So I'm just shy of 33 weeks and there is something on my mind....
The last two sonograms (at 28 weeks and at 30 weeks), our little stinker has been breech. My doctor has reassured me that even the late "turners" can bounce around to different positions until about 35 weeks, so I shouldn't worry - but how can I not? From the last sono, William was measuring about 2 weeks larger than "normal". So could be potentially more difficult for him to turn to head-down position.
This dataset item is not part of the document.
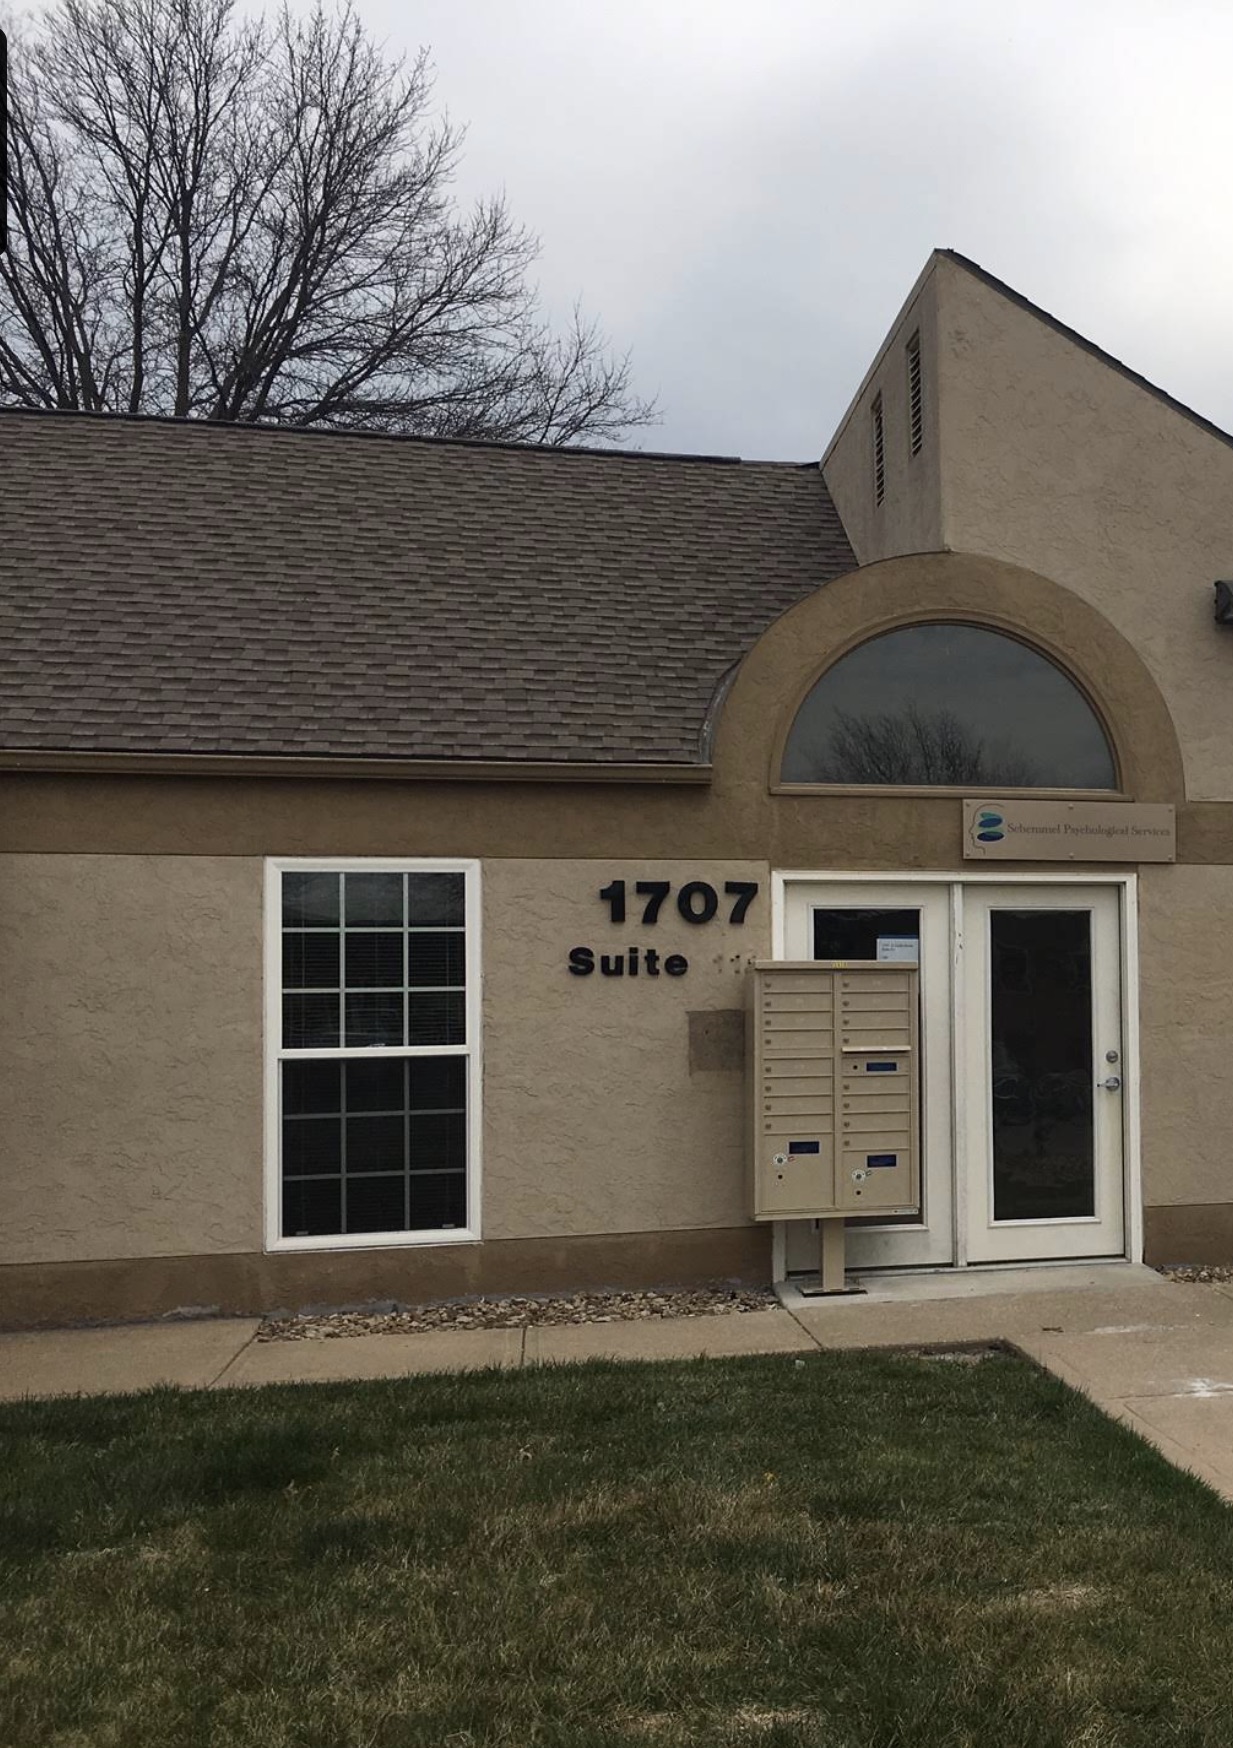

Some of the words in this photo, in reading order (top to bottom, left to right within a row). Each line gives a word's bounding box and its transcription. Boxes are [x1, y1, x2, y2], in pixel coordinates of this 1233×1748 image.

'Lil' Stinker' being breech leads us down the Cesarean route, instead of the natural path that I had hoped. I know women have c-sections everyday and I have complete faith in my doctors and my hospital to deliver my baby safely either way, but a c-section would certainly not be my first choice. I'm more nervous about the procedure in general and about my recovery from the surgery. Mostly what I am worried about is not being able to experience the delivery in the same way as I could have by having a vaginal delivery. More than anything, I am looking forward to pushing and delivering our baby and having him brought immediately to my chest and being able to start nursing soon afterwards. That's the moment I have dreamed of before I was pregnant! Cesarean babies may need to be tended to a little more and I'll need to stay in the OR to be stitched up while Adam heads to the nursery with the little guy and I can hope to be able to start nursing while in recovery.
Today's appointment, the doctor wasn't sure, but he thought perhaps he was head-down. We will be able to confirm in a few weeks (at around 36 weeks) with another sono to get estimated weight and position.
I am crossing my fingers and my toes that little man turns and can come into this world with the least amount of medical intervention possible!!